*WHAT TO DO*
What is needed is an exact copy of the whole listing below, with no pictures.

*SOURCE MATERIAL*
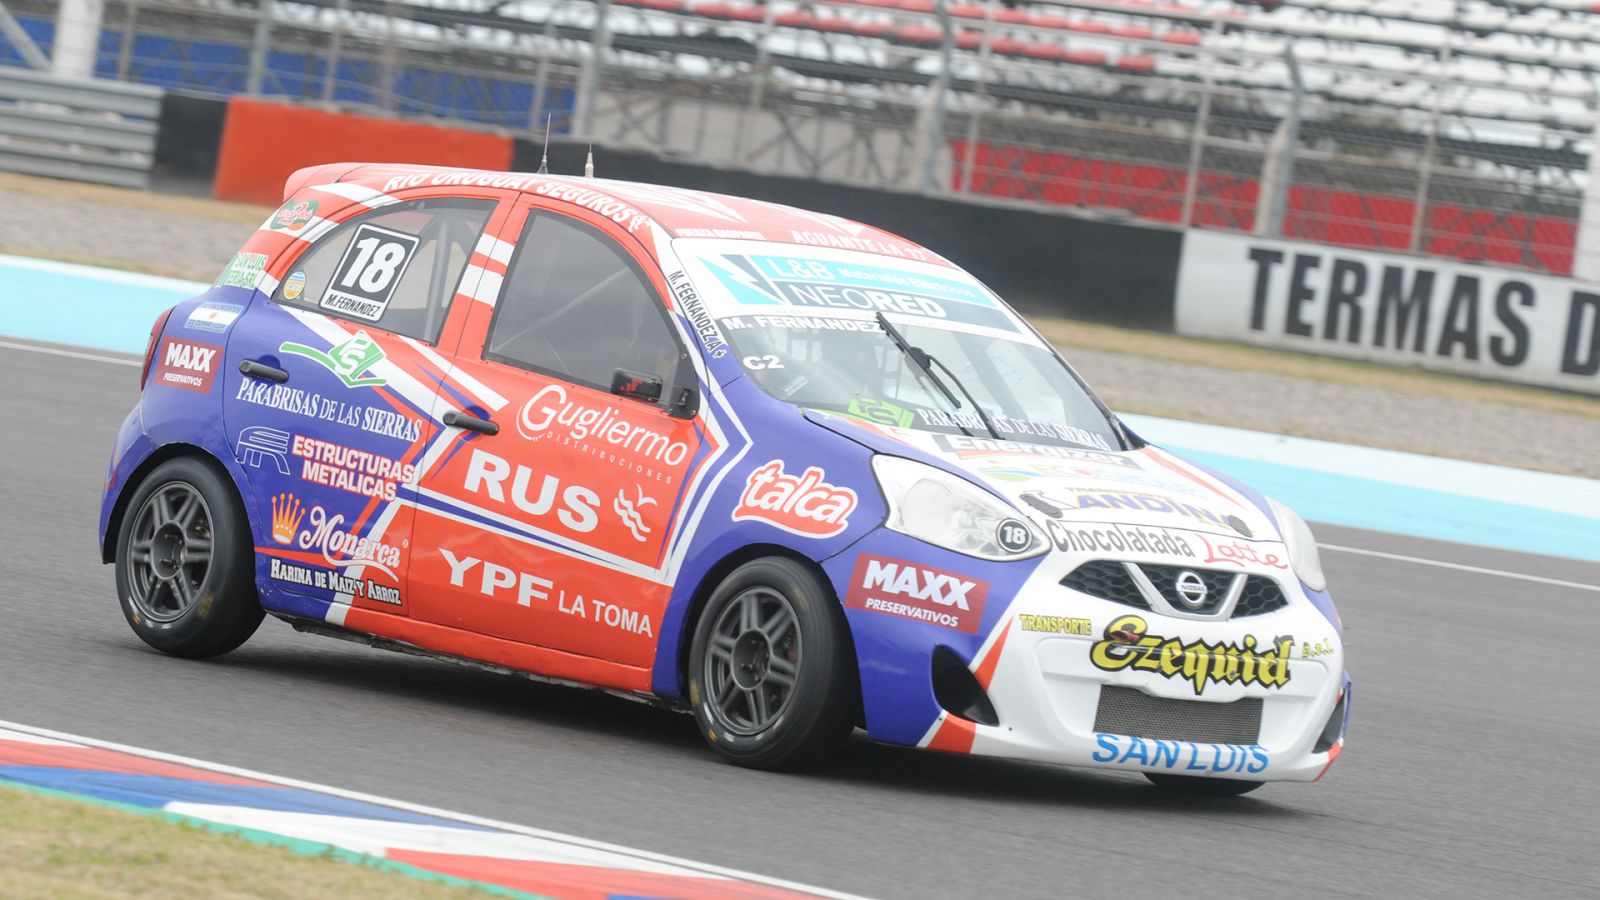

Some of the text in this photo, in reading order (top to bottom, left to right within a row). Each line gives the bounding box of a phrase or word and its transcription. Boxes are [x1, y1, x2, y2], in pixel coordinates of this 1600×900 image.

[383, 171, 633, 224] RIO URUGUAY SEGUROS
[790, 229, 879, 253] AGUANTE
[876, 241, 906, 258] LA
[341, 237, 406, 294] 18
[668, 270, 685, 285] M.
[766, 257, 837, 281] L&B
[675, 282, 718, 342] FERNANDEZ
[788, 283, 947, 319] NEORED
[1246, 245, 1600, 377] TERMAS D
[721, 315, 888, 334] M. FERNANDEZ
[163, 372, 204, 387] PRESERVATIVOS
[164, 342, 217, 374] MAXX
[742, 354, 785, 371] C2
[236, 377, 423, 443] PARABRISAS DE LAS SIERRAS
[521, 384, 688, 467] Gugliermo
[916, 408, 1014, 434] PARABRIAS
[1014, 418, 1031, 434] DE
[1029, 420, 1058, 440] LAS
[1054, 423, 1112, 451] SIERRAS
[292, 434, 416, 484] ESTRUCTURAS
[546, 430, 673, 485] DISTRIBUCIONES
[953, 437, 1135, 469] Energizer
[302, 459, 398, 501] METALICAS
[463, 448, 601, 533] RUS
[745, 467, 851, 524] talca
[1077, 494, 1232, 529] ANDIN
[299, 506, 400, 575] Monarca
[1003, 526, 1027, 544] 18
[1045, 518, 1290, 570] Chocolatada Latte
[270, 558, 403, 606] HARINA DE MAIZ Y ARROZ
[438, 547, 653, 638] YPF LA TOMA
[863, 560, 977, 612] MAXX
[865, 598, 959, 628] PRESERVATIVOS
[1019, 613, 1093, 636] TRANSPORTE
[1091, 733, 1271, 775] SAN LUIS
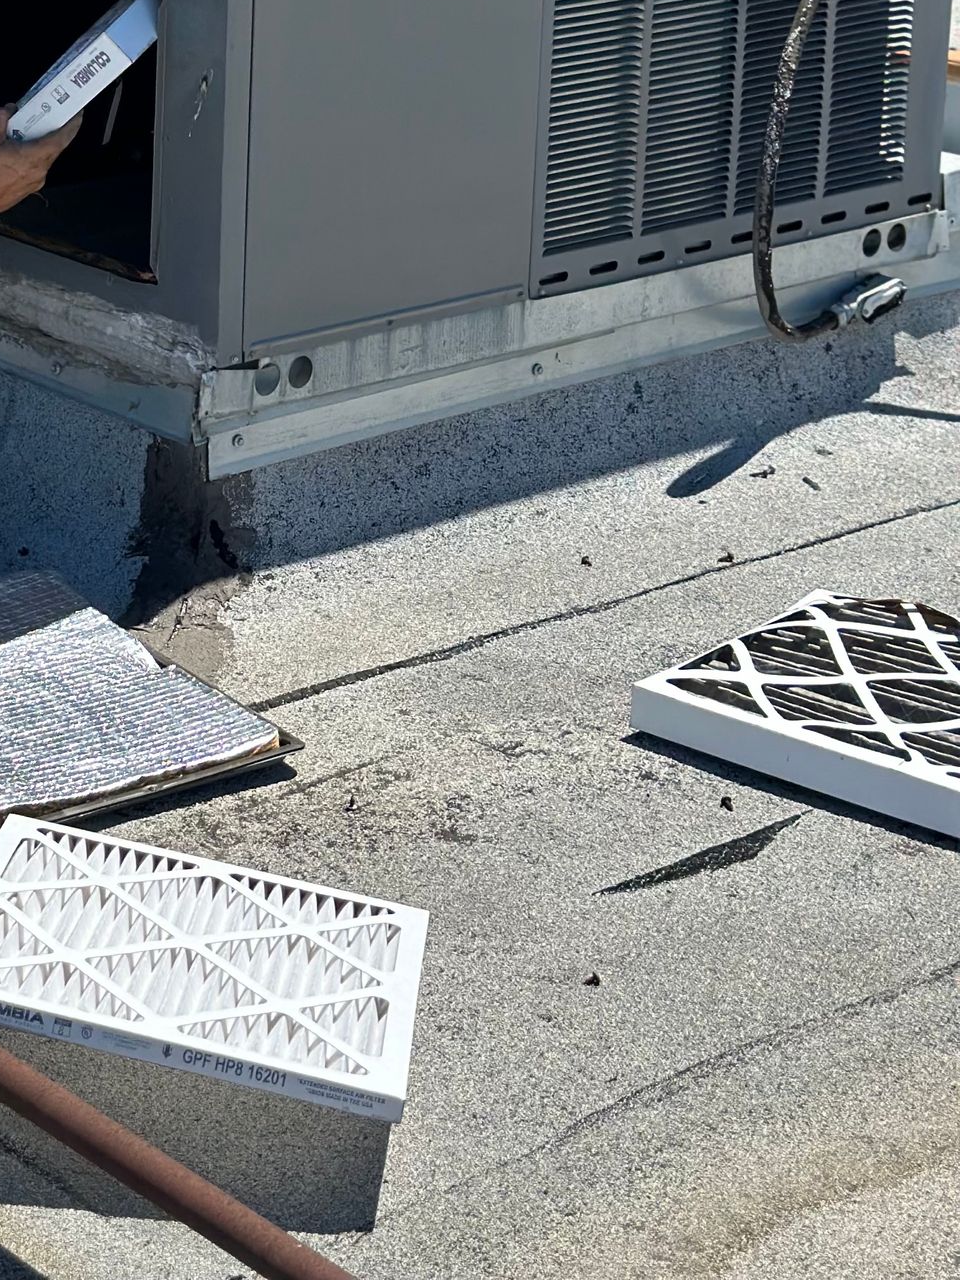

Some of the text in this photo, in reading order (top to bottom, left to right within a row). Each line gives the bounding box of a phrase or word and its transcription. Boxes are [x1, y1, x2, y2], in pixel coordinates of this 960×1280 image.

[70, 51, 112, 89] COLUMBIA
[182, 1049, 287, 1088] GPF HP8 16201
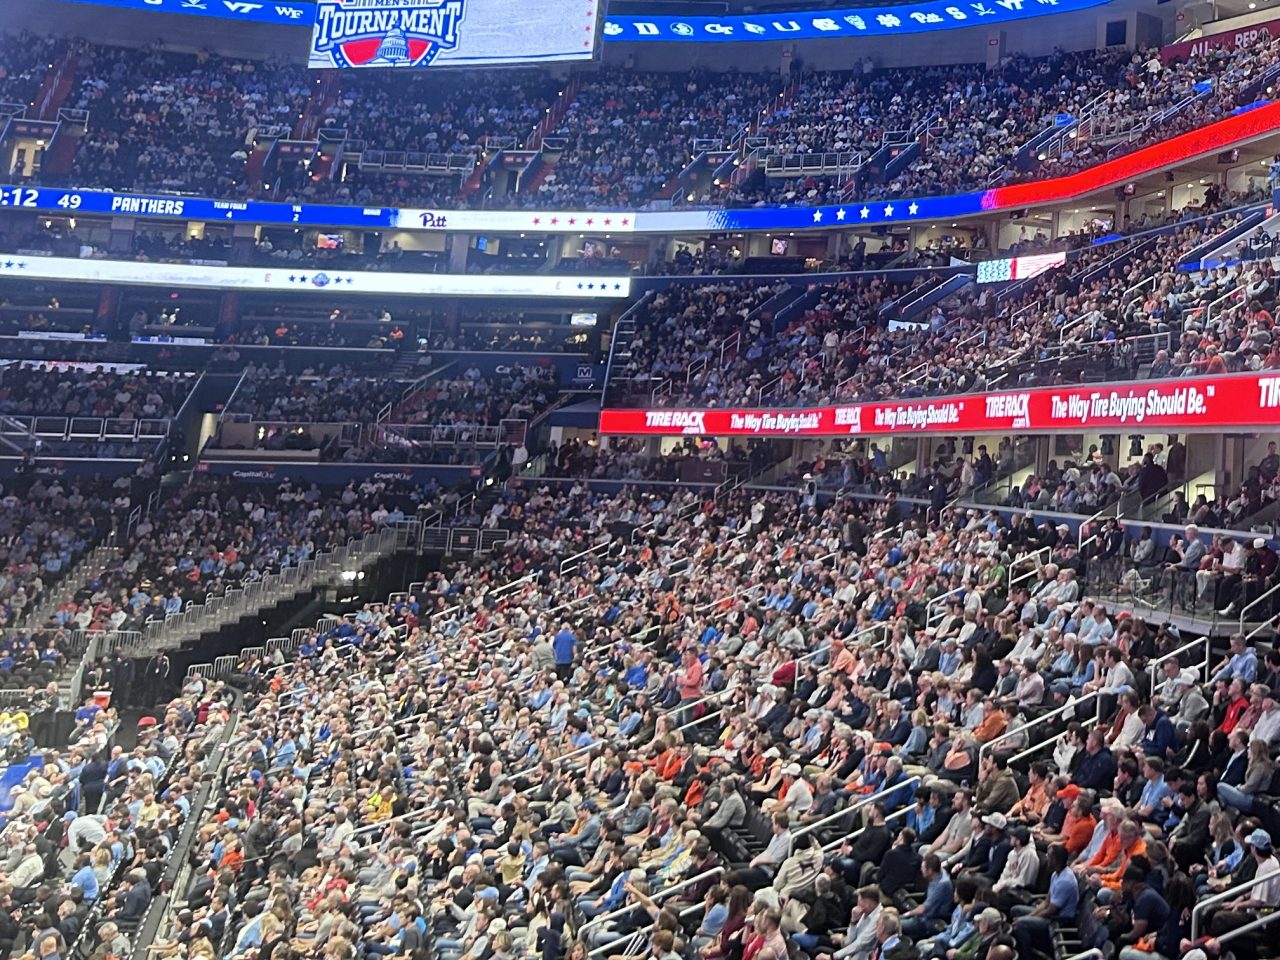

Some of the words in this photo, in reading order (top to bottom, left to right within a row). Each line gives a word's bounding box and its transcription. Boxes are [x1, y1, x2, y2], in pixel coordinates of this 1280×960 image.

[222, 0, 264, 13] VT
[318, 1, 462, 46] TOURNAMENT
[0, 189, 39, 208] :12
[58, 194, 82, 209] 49
[112, 196, 184, 215] PANTHERS
[419, 212, 447, 228] Pitt
[874, 408, 884, 426] The
[884, 408, 897, 429] Way
[927, 404, 949, 425] Should
[1051, 395, 1067, 419] The
[1068, 395, 1090, 423] Way
[1090, 392, 1109, 416] Tire
[1109, 390, 1145, 422] Buying
[1146, 388, 1186, 415] Should
[731, 414, 743, 428] The
[743, 415, 761, 432] Way
[762, 414, 776, 429] Tire
[776, 414, 799, 432] Buying
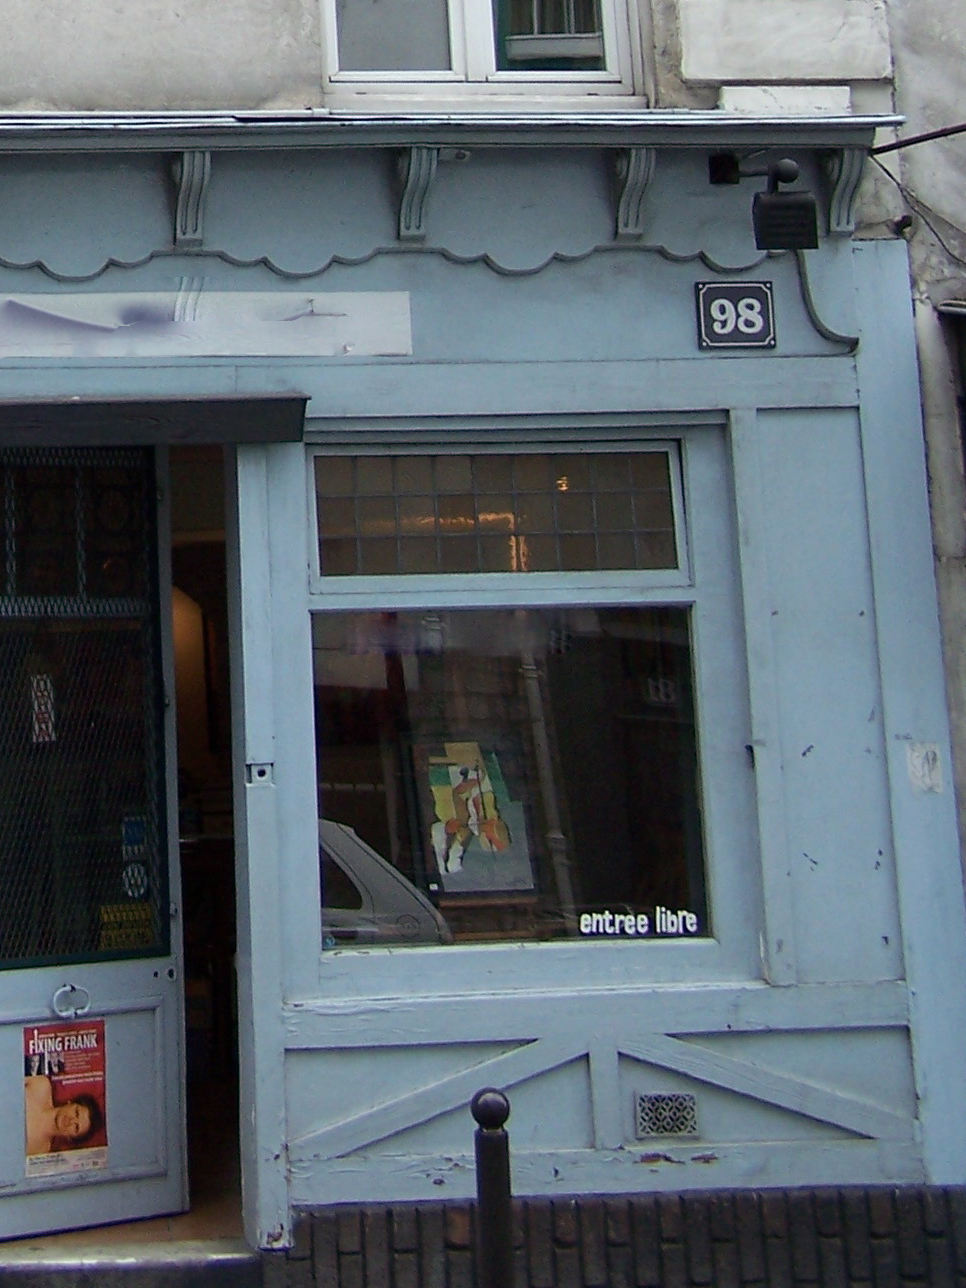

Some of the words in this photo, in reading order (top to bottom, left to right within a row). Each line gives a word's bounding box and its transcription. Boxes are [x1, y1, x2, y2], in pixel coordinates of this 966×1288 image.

[710, 298, 763, 334] 98
[579, 910, 649, 934] entree
[655, 905, 698, 933] libre
[64, 1034, 98, 1051] FRANK

*COMPLETED EXERCISE*
Some of the text in this photo, in reading order (top to bottom, left to right within a row). Each line gives the bounding box of a phrase or word and its transcription. Boxes are [x1, y1, x2, y2], in pixel coordinates of this 1600×900 image.

[383, 171, 633, 224] RIO URUGUAY SEGUROS
[790, 229, 879, 253] AGUANTE
[876, 241, 906, 258] LA
[341, 237, 406, 294] 18
[668, 270, 685, 285] M.
[766, 257, 837, 281] L&B
[675, 282, 718, 342] FERNANDEZ
[788, 283, 947, 319] NEORED
[1246, 245, 1600, 377] TERMAS D
[721, 315, 888, 334] M. FERNANDEZ
[163, 372, 204, 387] PRESERVATIVOS
[164, 342, 217, 374] MAXX
[742, 354, 785, 371] C2
[236, 377, 423, 443] PARABRISAS DE LAS SIERRAS
[521, 384, 688, 467] Gugliermo
[916, 408, 1014, 434] PARABRIAS
[1014, 418, 1031, 434] DE
[1029, 420, 1058, 440] LAS
[1054, 423, 1112, 451] SIERRAS
[292, 434, 416, 484] ESTRUCTURAS
[546, 430, 673, 485] DISTRIBUCIONES
[953, 437, 1135, 469] Energizer
[302, 459, 398, 501] METALICAS
[463, 448, 601, 533] RUS
[745, 467, 851, 524] talca
[1077, 494, 1232, 529] ANDIN
[299, 506, 400, 575] Monarca
[1003, 526, 1027, 544] 18
[1045, 518, 1290, 570] Chocolatada Latte
[270, 558, 403, 606] HARINA DE MAIZ Y ARROZ
[438, 547, 653, 638] YPF LA TOMA
[863, 560, 977, 612] MAXX
[865, 598, 959, 628] PRESERVATIVOS
[1019, 613, 1093, 636] TRANSPORTE
[1091, 733, 1271, 775] SAN LUIS

Some of the text in this photo, in reading order (top to bottom, left to right within a row). Each line gives the bounding box of a phrase or word and its transcription. Boxes are [x1, y1, x2, y2], in pixel coordinates of this 960×1280 image.

[70, 51, 112, 89] COLUMBIA
[182, 1049, 287, 1088] GPF HP8 16201

Some of the words in this photo, in reading order (top to bottom, left to right within a row). Each line gives a word's bounding box and its transcription. Boxes are [x1, y1, x2, y2], in pixel coordinates of this 1280×960 image.

[222, 0, 264, 13] VT
[318, 1, 462, 46] TOURNAMENT
[0, 189, 39, 208] :12
[58, 194, 82, 209] 49
[112, 196, 184, 215] PANTHERS
[419, 212, 447, 228] Pitt
[874, 408, 884, 426] The
[884, 408, 897, 429] Way
[927, 404, 949, 425] Should
[1051, 395, 1067, 419] The
[1068, 395, 1090, 423] Way
[1090, 392, 1109, 416] Tire
[1109, 390, 1145, 422] Buying
[1146, 388, 1186, 415] Should
[731, 414, 743, 428] The
[743, 415, 761, 432] Way
[762, 414, 776, 429] Tire
[776, 414, 799, 432] Buying

Some of the words in this photo, in reading order (top to bottom, left to right within a row). Each line gives a word's bounding box and its transcription. Boxes are [x1, y1, x2, y2], in pixel coordinates of this 966×1288 image.

[710, 298, 763, 334] 98
[579, 910, 649, 934] entree
[655, 905, 698, 933] libre
[64, 1034, 98, 1051] FRANK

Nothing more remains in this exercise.